SECTION 2. AUTHORIZATION OF BONDS. An amount not to exceed $40,000,000
of Health System Revenue Refunding Bonds Catholic Health East Issue, Series 2006 (the
"Bonds"), such amount to be set forth in the Bond Purchase Agreement referred to below and
executed by the Vice Chair prior to the issuance of the Bonds, is hereby authorized to be issued.
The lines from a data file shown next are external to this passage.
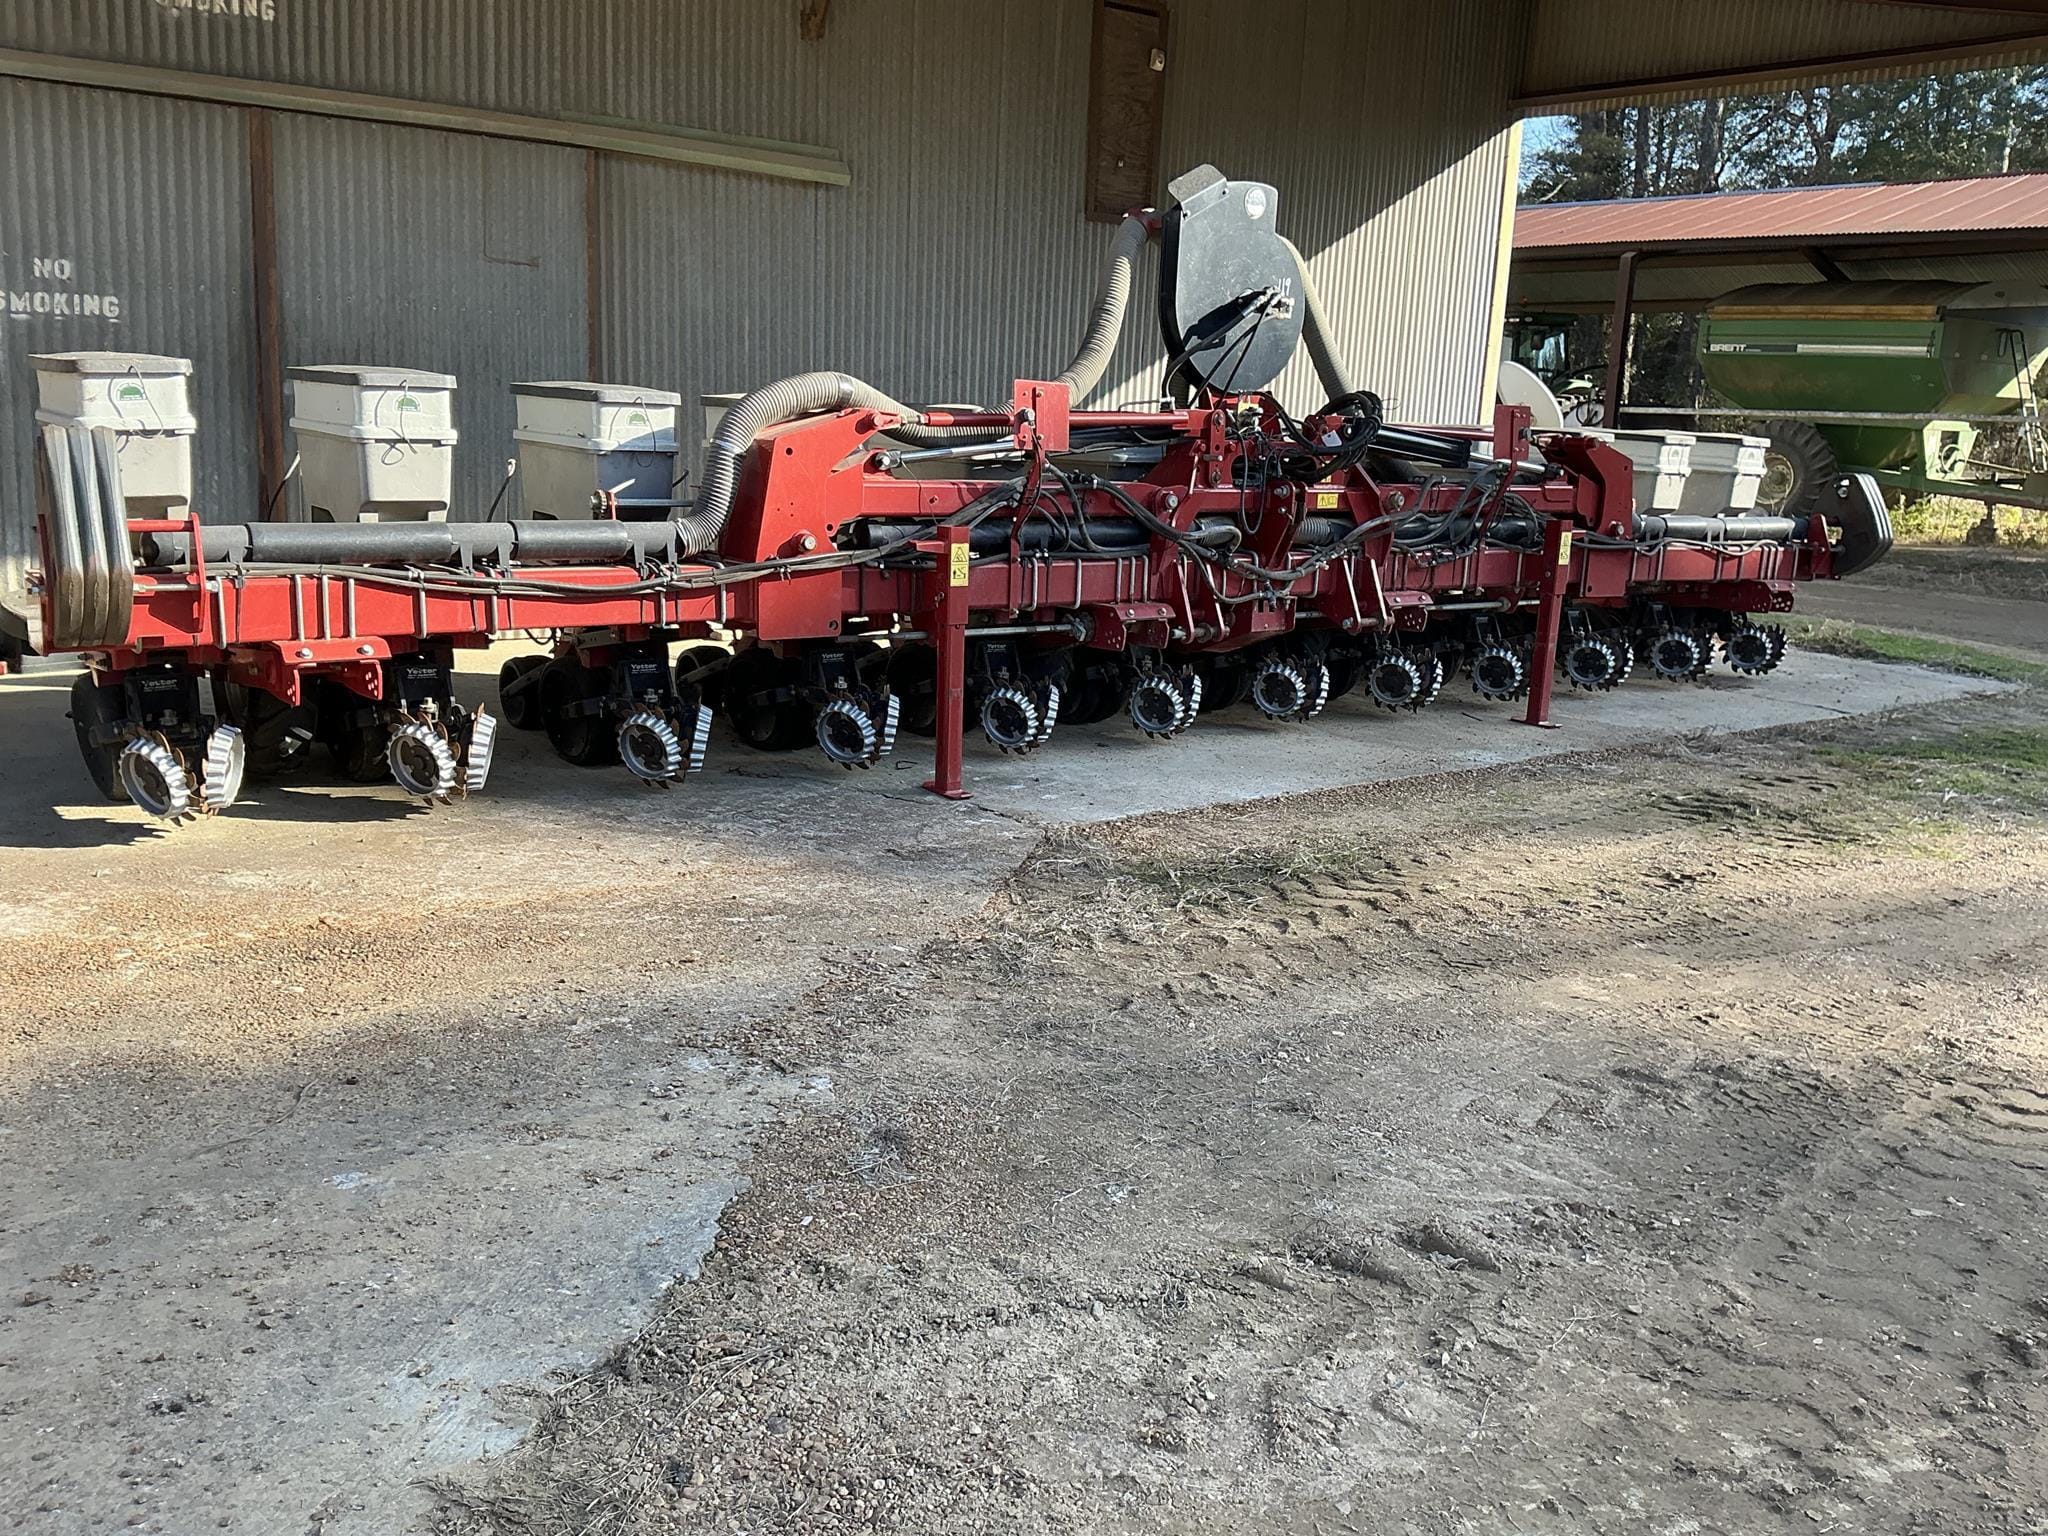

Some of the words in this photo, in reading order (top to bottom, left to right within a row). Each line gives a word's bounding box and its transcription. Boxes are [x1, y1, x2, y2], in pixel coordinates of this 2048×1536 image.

[33, 257, 71, 280] NO
[1710, 343, 1747, 352] BRENT
[140, 679, 177, 687] Yetter
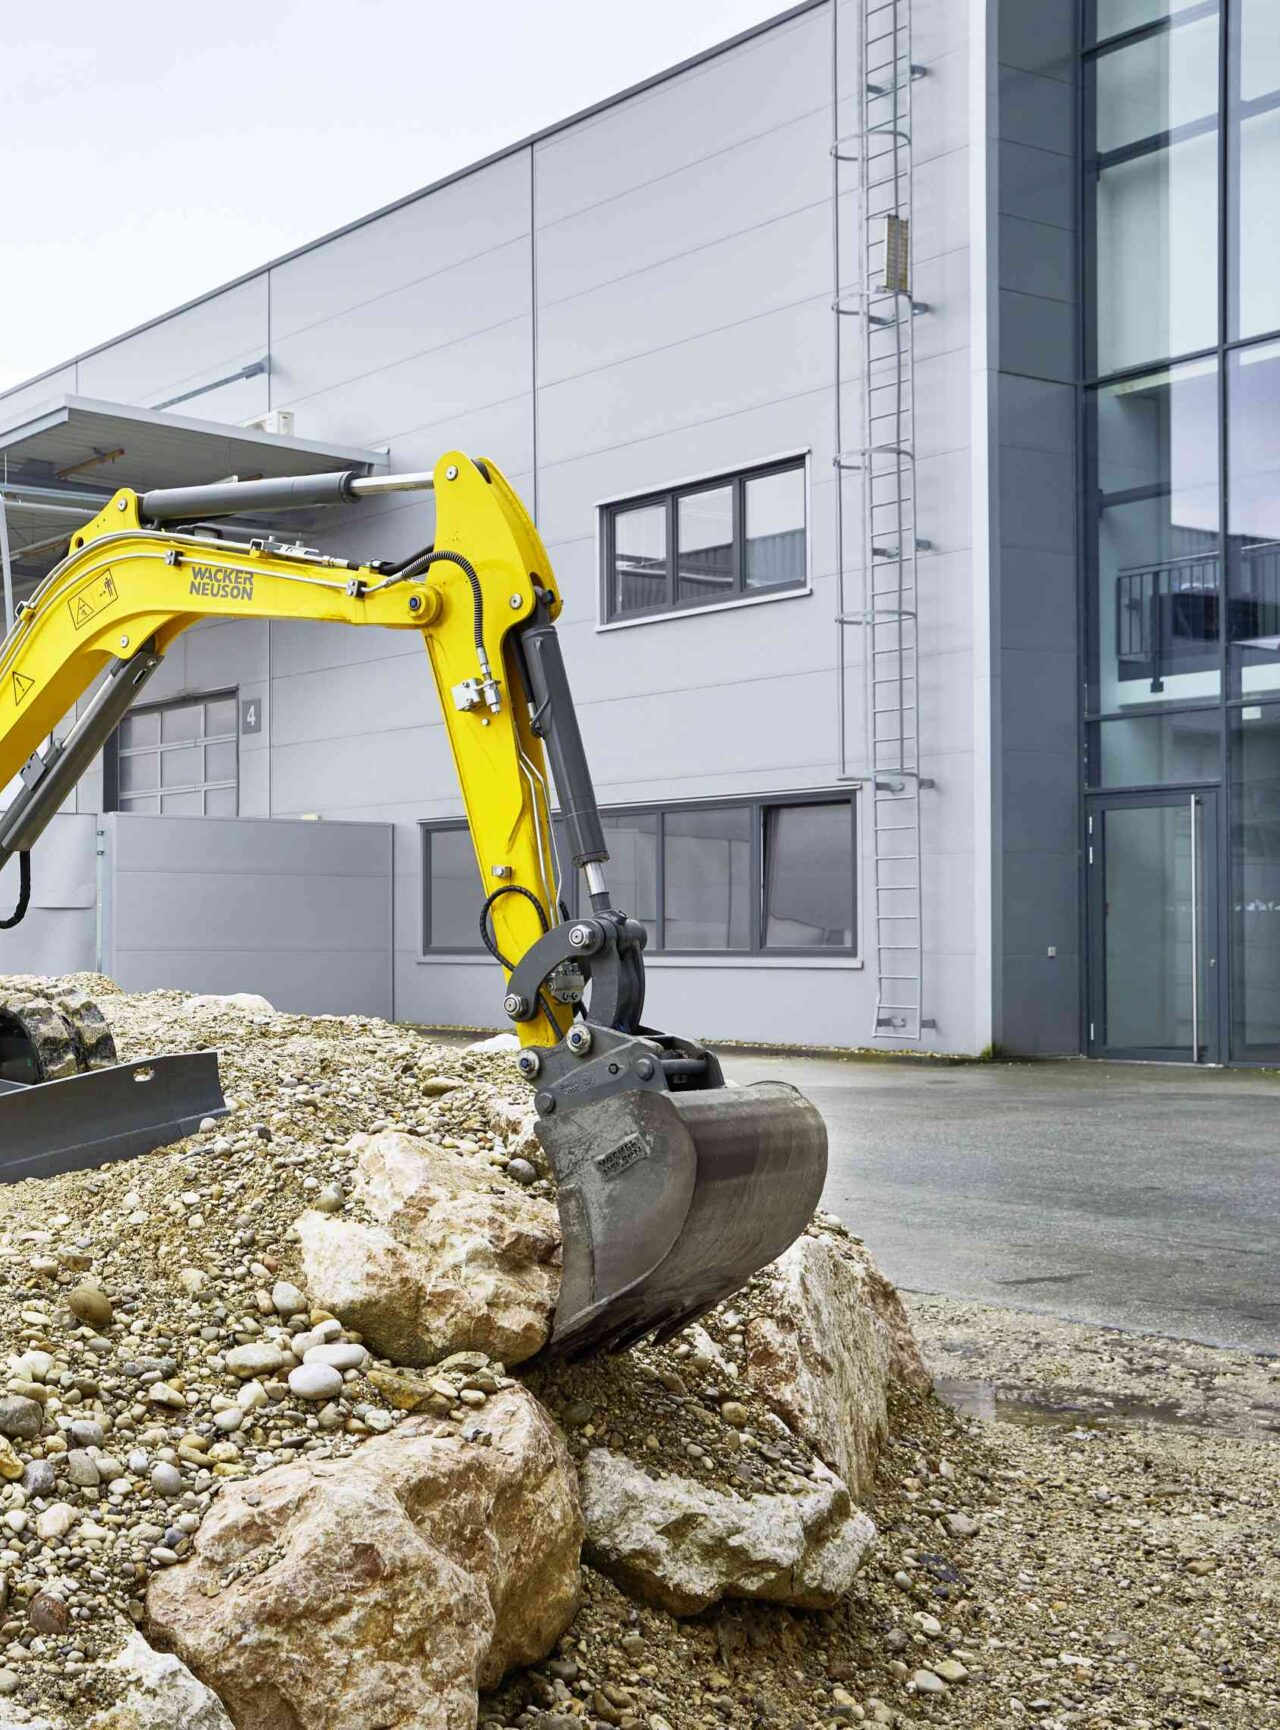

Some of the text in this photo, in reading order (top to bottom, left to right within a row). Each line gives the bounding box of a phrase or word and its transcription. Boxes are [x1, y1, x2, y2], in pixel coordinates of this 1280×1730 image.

[191, 566, 254, 586] WACKER
[189, 581, 254, 601] NEUSON
[246, 705, 256, 726] 4
The Bonds shall be substantially in the form, and shall be issued in accordance with the terms of
the Bond Indenture, the form of which is attached hereto as Exhibit B. The Bonds may be issued in
one or more series at one or more times, and if issued in more than one series, shall bear a
designation to distinguish each series from the other, such designation to be set forth in the Bond
Indenture. Additionally, the Vice Chair is hereby delegated the authority to approve the use of
derivative financial products in conjunction with the issuance of the Bonds, if so requested by the
Corporation, all as to be set forth in the Bond Indenture.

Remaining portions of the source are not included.